--- WHAT TO DO ---
Exclude any images and output the remaining records exactly.

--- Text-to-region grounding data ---
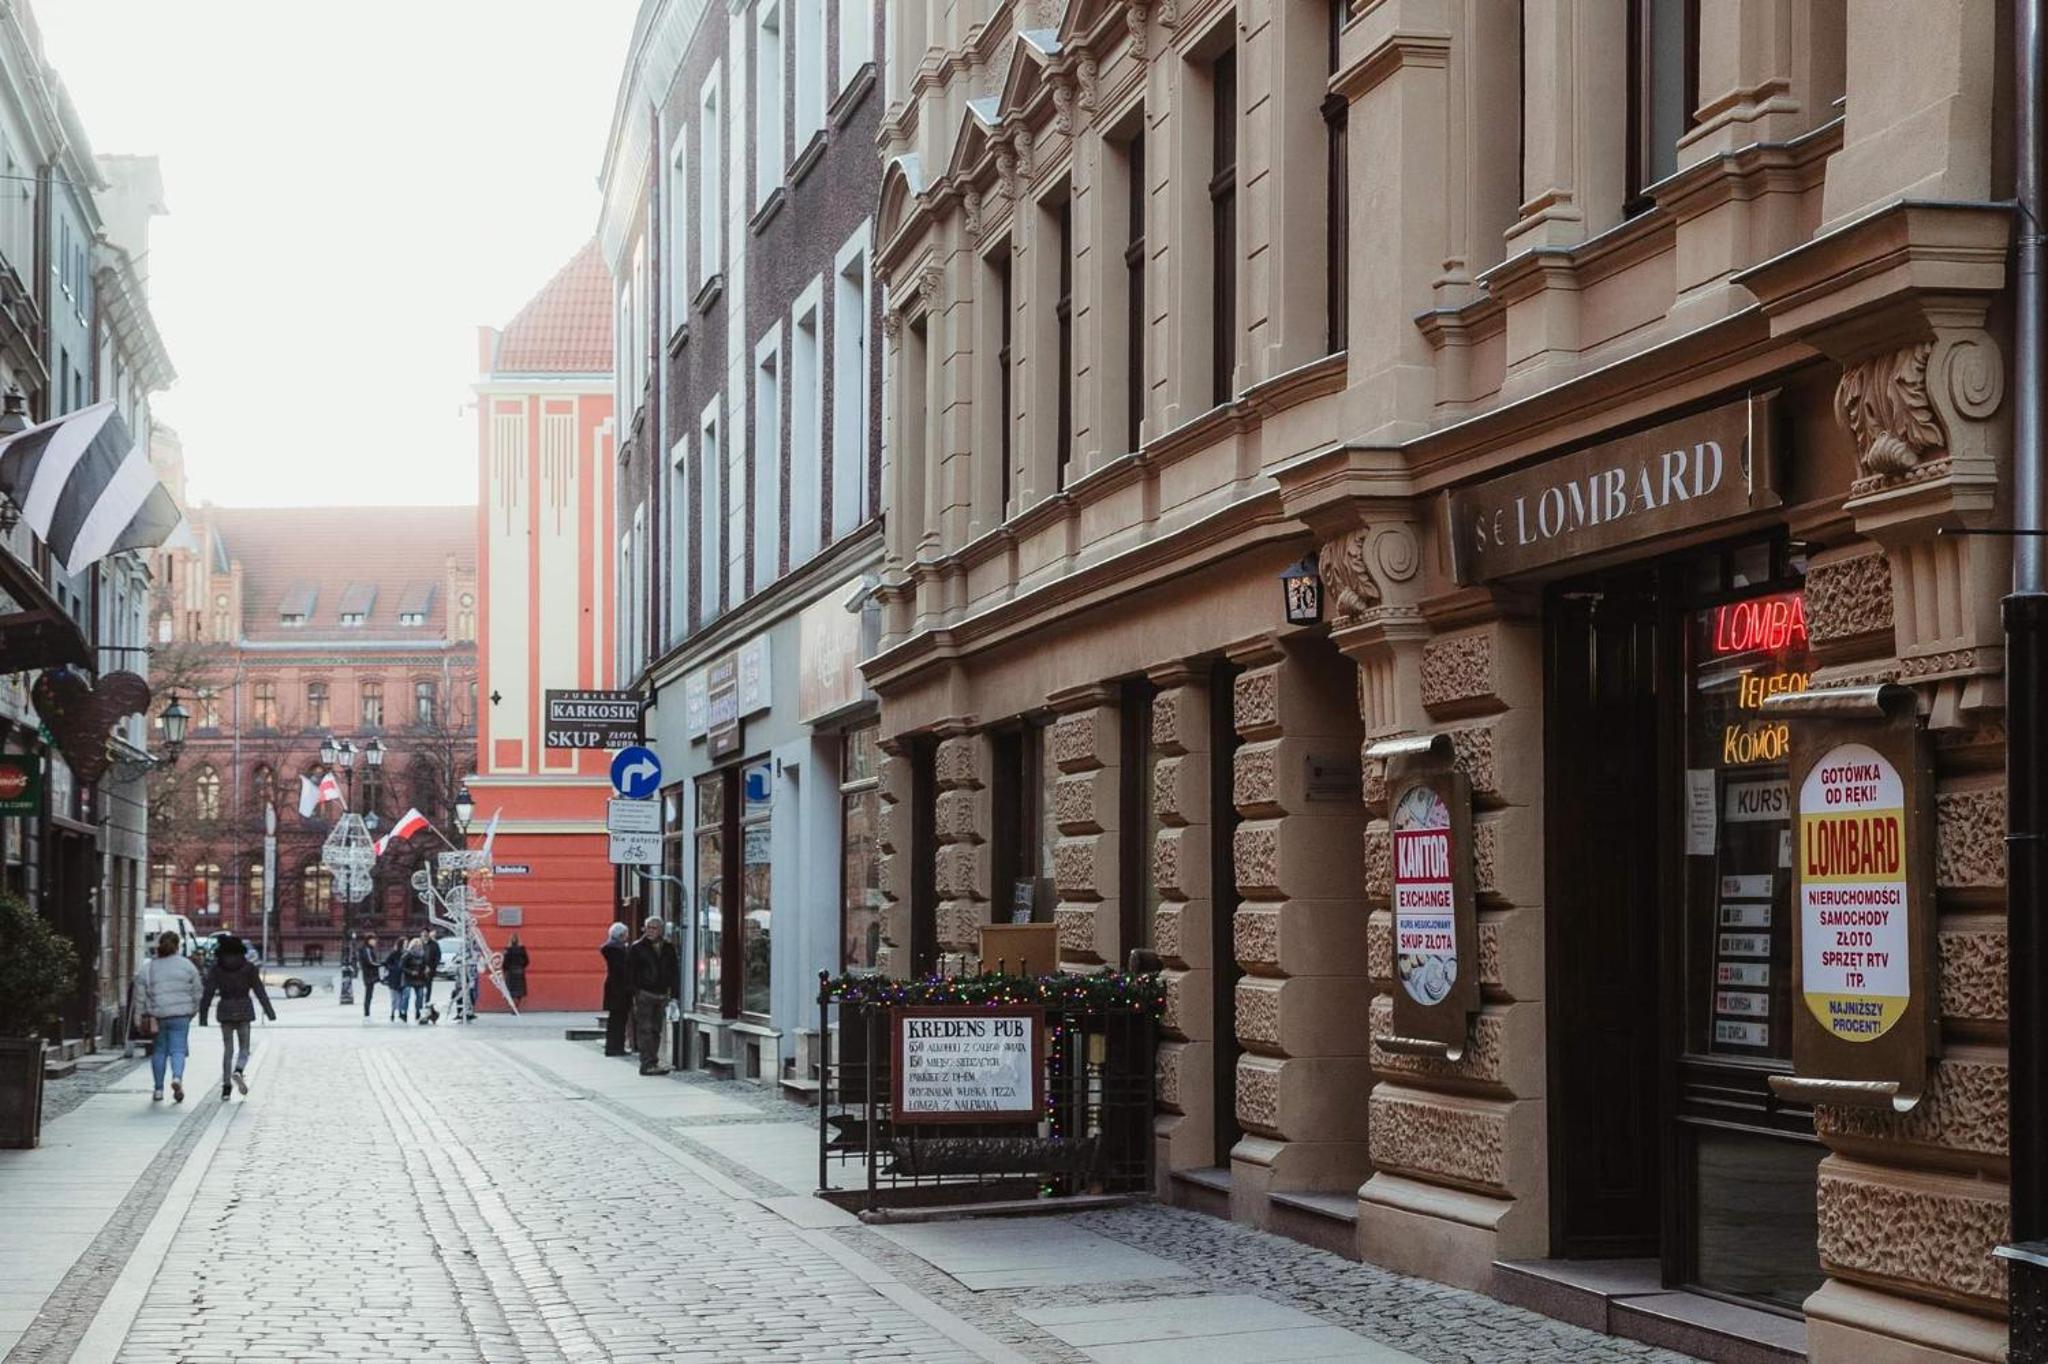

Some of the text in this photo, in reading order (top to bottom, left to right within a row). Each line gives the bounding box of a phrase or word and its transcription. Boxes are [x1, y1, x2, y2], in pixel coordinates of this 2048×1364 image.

[1515, 440, 1723, 546] LOMBARD
[1718, 596, 1807, 651] LOMBA
[563, 692, 627, 700] JUBILER
[554, 704, 636, 719] KARKOSIK
[547, 731, 600, 747] SKUP
[1821, 762, 1881, 785] GOTÓWKA
[1825, 785, 1878, 807] OD RĘKI!
[1807, 817, 1900, 877] LOMBARD
[1398, 835, 1450, 879] KANTOR
[1400, 890, 1451, 908] EXCHANGE
[1809, 885, 1901, 905] NIERUCHOMOŚCI
[1819, 910, 1890, 926] SAMOCHODY
[1401, 934, 1452, 950] SKUP ZŁOTA
[1836, 931, 1873, 946] ZŁOTO
[1822, 951, 1889, 970] SPRZĘT RTV
[1846, 973, 1866, 988] ITP.
[1829, 999, 1884, 1017] NAJNIŻSZY
[908, 1020, 1025, 1038] KREDENS PUB
[1833, 1018, 1882, 1034] PROCENT!
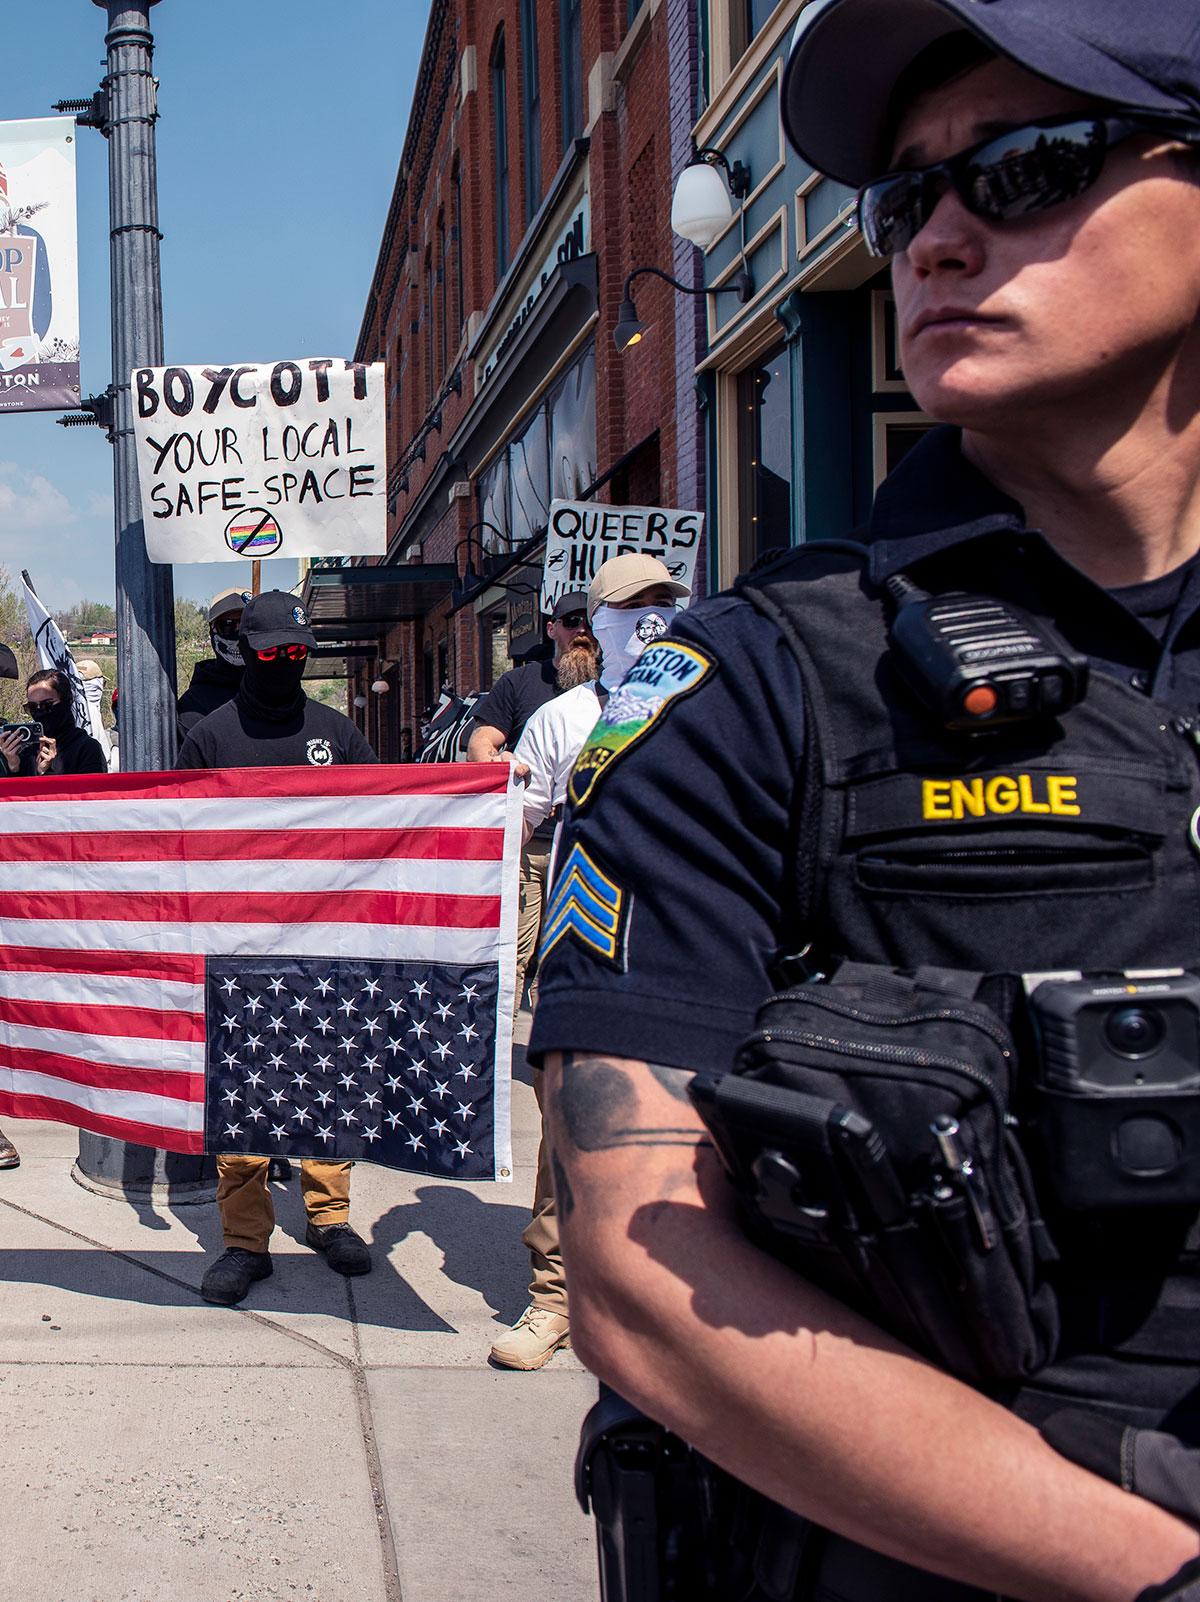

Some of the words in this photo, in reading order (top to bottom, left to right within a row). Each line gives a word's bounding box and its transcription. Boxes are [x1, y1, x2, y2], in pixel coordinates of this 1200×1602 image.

[136, 359, 373, 418] BOYCOTT
[145, 427, 243, 475] YOUR
[262, 417, 365, 462] LOCAL
[151, 464, 375, 519] SAFE-SPACE
[553, 508, 698, 548] QUEERS
[569, 543, 666, 581] HUT
[922, 774, 1081, 820] ENGLE
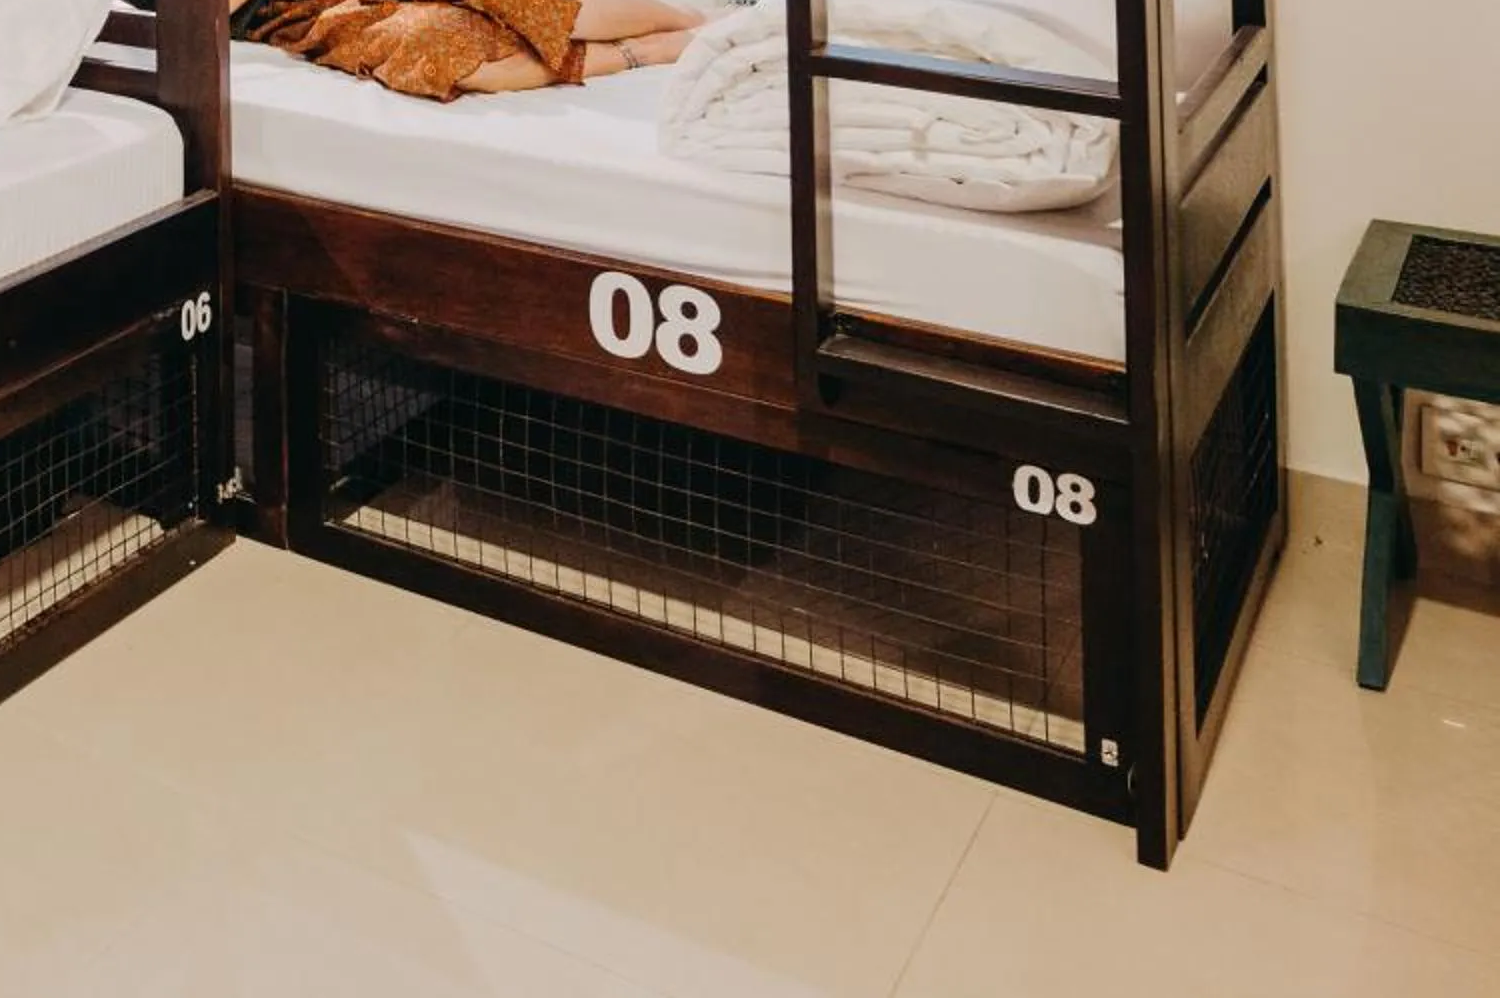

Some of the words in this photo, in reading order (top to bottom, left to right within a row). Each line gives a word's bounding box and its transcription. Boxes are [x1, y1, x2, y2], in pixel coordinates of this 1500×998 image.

[181, 292, 211, 340] 06
[590, 272, 721, 374] 08
[1013, 465, 1096, 525] 08

--- EXERCISE RESULT ---
Some of the text in this photo, in reading order (top to bottom, left to right within a row). Each line gives the bounding box of a phrase or word and its transcription. Boxes are [x1, y1, x2, y2], in pixel coordinates of this 2048×1364 image.

[1515, 440, 1723, 546] LOMBARD
[1718, 596, 1807, 651] LOMBA
[563, 692, 627, 700] JUBILER
[554, 704, 636, 719] KARKOSIK
[547, 731, 600, 747] SKUP
[1821, 762, 1881, 785] GOTÓWKA
[1825, 785, 1878, 807] OD RĘKI!
[1807, 817, 1900, 877] LOMBARD
[1398, 835, 1450, 879] KANTOR
[1400, 890, 1451, 908] EXCHANGE
[1809, 885, 1901, 905] NIERUCHOMOŚCI
[1819, 910, 1890, 926] SAMOCHODY
[1401, 934, 1452, 950] SKUP ZŁOTA
[1836, 931, 1873, 946] ZŁOTO
[1822, 951, 1889, 970] SPRZĘT RTV
[1846, 973, 1866, 988] ITP.
[1829, 999, 1884, 1017] NAJNIŻSZY
[908, 1020, 1025, 1038] KREDENS PUB
[1833, 1018, 1882, 1034] PROCENT!

Some of the words in this photo, in reading order (top to bottom, left to right within a row). Each line gives a word's bounding box and its transcription. Boxes are [x1, y1, x2, y2], in pixel coordinates of this 1200×1602 image.

[136, 359, 373, 418] BOYCOTT
[145, 427, 243, 475] YOUR
[262, 417, 365, 462] LOCAL
[151, 464, 375, 519] SAFE-SPACE
[553, 508, 698, 548] QUEERS
[569, 543, 666, 581] HUT
[922, 774, 1081, 820] ENGLE

Some of the words in this photo, in reading order (top to bottom, left to right within a row). Each line gives a word's bounding box and its transcription. Boxes are [x1, y1, x2, y2], in pixel coordinates of this 1500×998 image.

[181, 292, 211, 340] 06
[590, 272, 721, 374] 08
[1013, 465, 1096, 525] 08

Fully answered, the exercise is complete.